## Task data
○ ○ ○

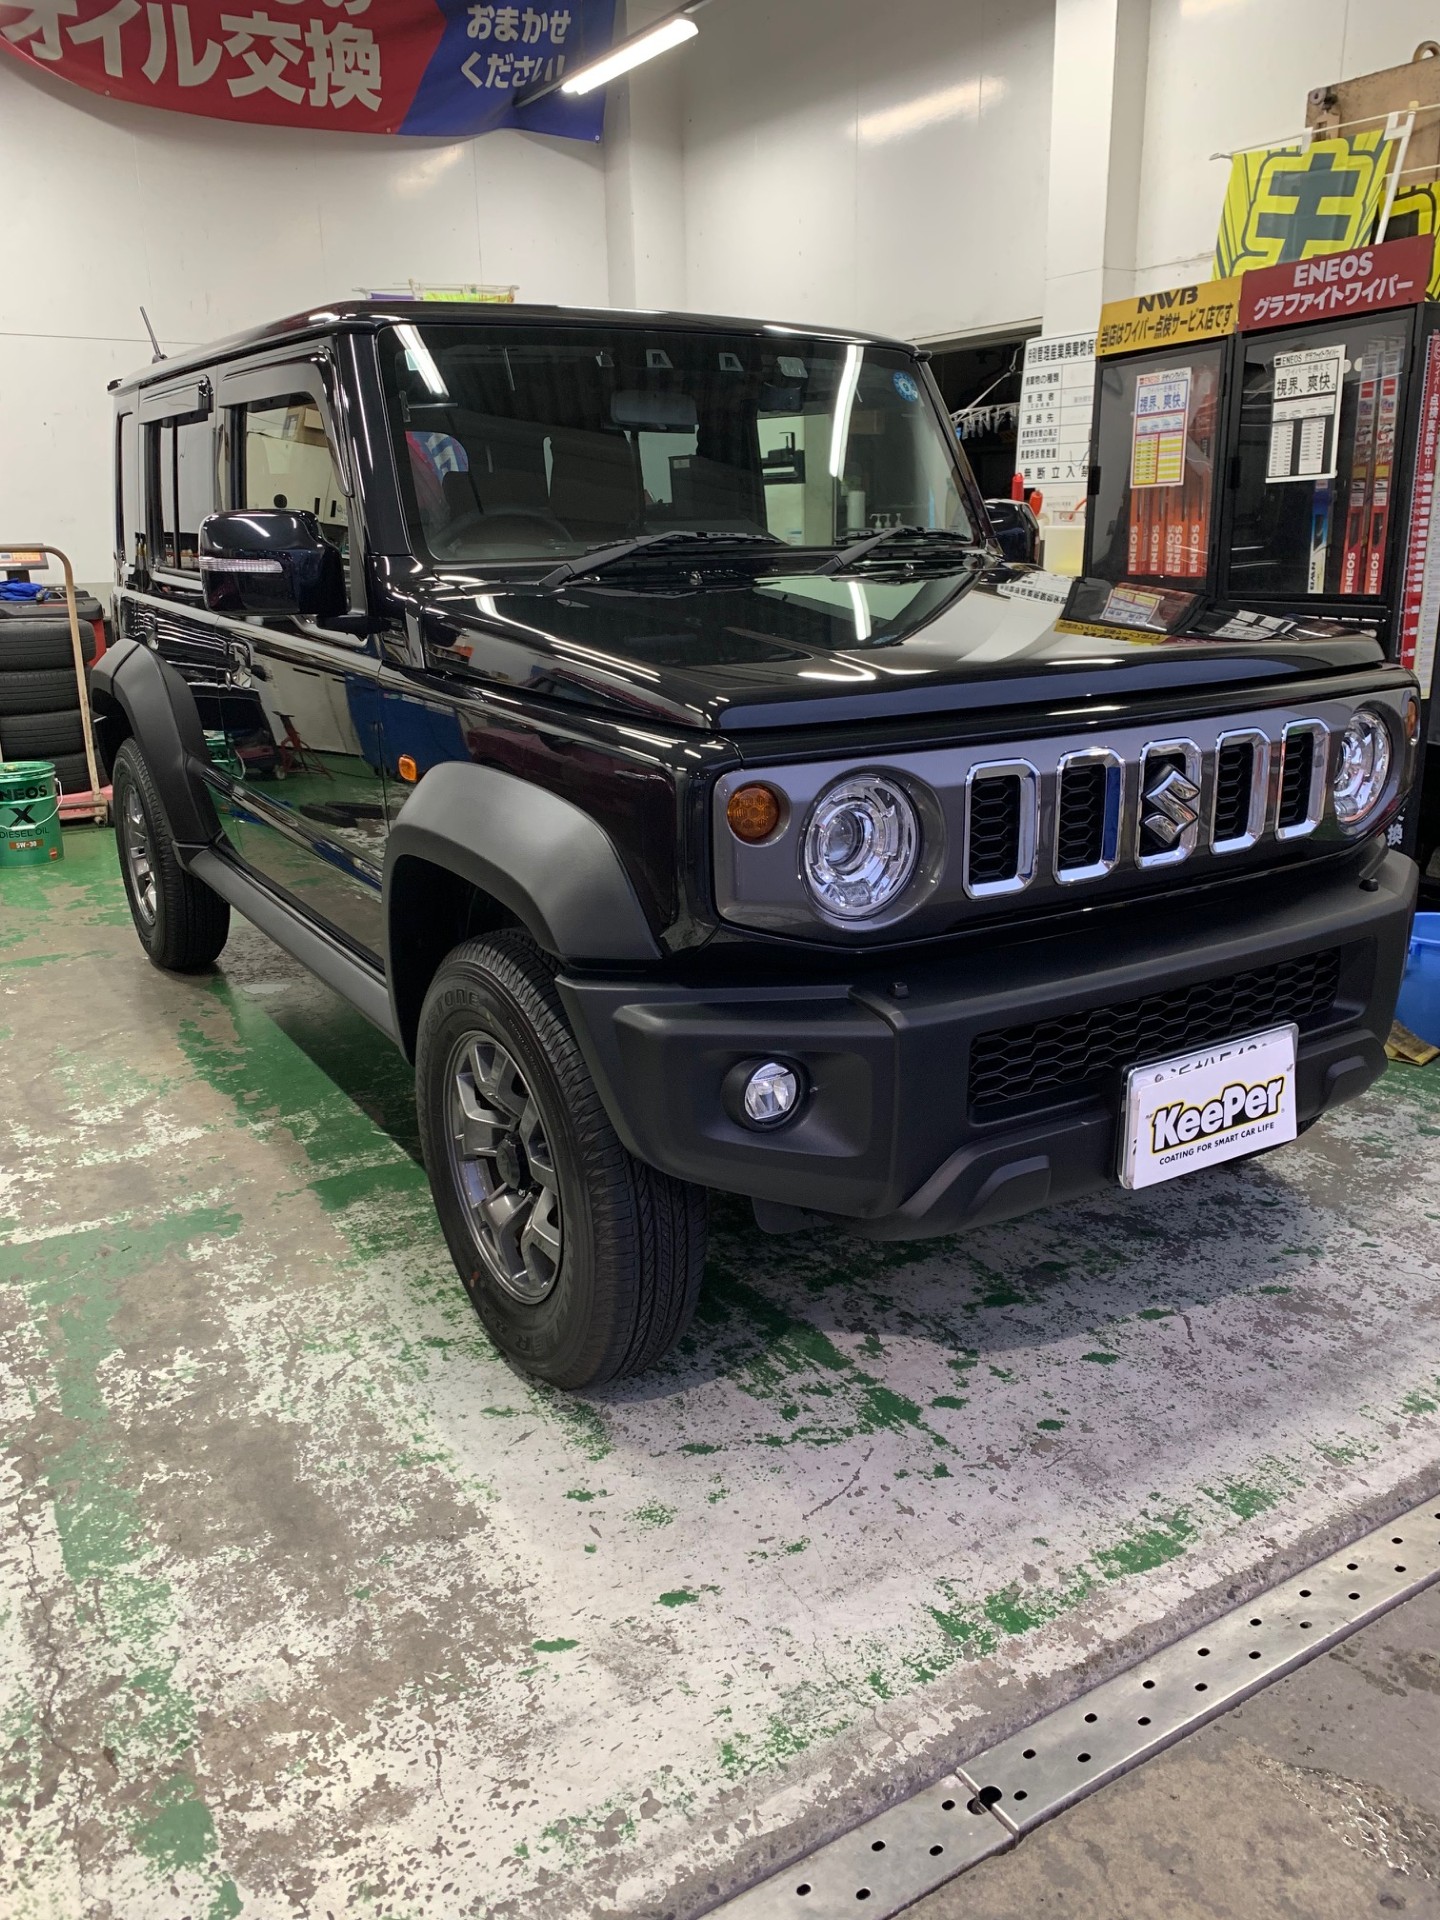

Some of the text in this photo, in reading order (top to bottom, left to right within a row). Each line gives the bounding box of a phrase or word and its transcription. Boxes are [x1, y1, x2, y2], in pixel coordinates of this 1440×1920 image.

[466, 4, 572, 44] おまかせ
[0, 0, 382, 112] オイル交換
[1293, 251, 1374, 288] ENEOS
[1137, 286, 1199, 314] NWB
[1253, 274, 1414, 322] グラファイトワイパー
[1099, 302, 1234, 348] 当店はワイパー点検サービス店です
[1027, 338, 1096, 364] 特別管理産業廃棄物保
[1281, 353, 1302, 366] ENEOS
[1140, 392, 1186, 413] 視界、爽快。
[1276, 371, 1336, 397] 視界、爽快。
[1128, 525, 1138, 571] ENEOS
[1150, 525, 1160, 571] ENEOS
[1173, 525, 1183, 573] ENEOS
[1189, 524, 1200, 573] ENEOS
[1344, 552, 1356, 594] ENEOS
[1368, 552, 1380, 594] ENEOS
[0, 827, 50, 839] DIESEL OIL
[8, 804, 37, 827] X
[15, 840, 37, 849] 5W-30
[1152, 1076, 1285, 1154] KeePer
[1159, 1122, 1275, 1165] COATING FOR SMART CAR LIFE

○ ○ ○

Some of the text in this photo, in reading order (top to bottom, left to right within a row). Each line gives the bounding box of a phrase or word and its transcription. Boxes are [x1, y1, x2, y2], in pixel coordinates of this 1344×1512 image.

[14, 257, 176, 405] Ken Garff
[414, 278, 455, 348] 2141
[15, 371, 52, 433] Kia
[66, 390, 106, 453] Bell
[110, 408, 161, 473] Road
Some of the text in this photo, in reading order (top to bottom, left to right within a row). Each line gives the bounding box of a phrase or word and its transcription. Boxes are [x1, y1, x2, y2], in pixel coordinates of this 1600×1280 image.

○ ○ ○

## What is being asked
Could you restate word for word the lines above from the one containing "this 1344×1512 image." through the one containing "this 1600×1280 image.", both included, and nothing else?

## Exercise result
Some of the text in this photo, in reading order (top to bottom, left to right within a row). Each line gives the bounding box of a phrase or word and its transcription. Boxes are [x1, y1, x2, y2], in pixel coordinates of this 1344×1512 image.

[14, 257, 176, 405] Ken Garff
[414, 278, 455, 348] 2141
[15, 371, 52, 433] Kia
[66, 390, 106, 453] Bell
[110, 408, 161, 473] Road
Some of the text in this photo, in reading order (top to bottom, left to right within a row). Each line gives the bounding box of a phrase or word and its transcription. Boxes are [x1, y1, x2, y2], in pixel coordinates of this 1600×1280 image.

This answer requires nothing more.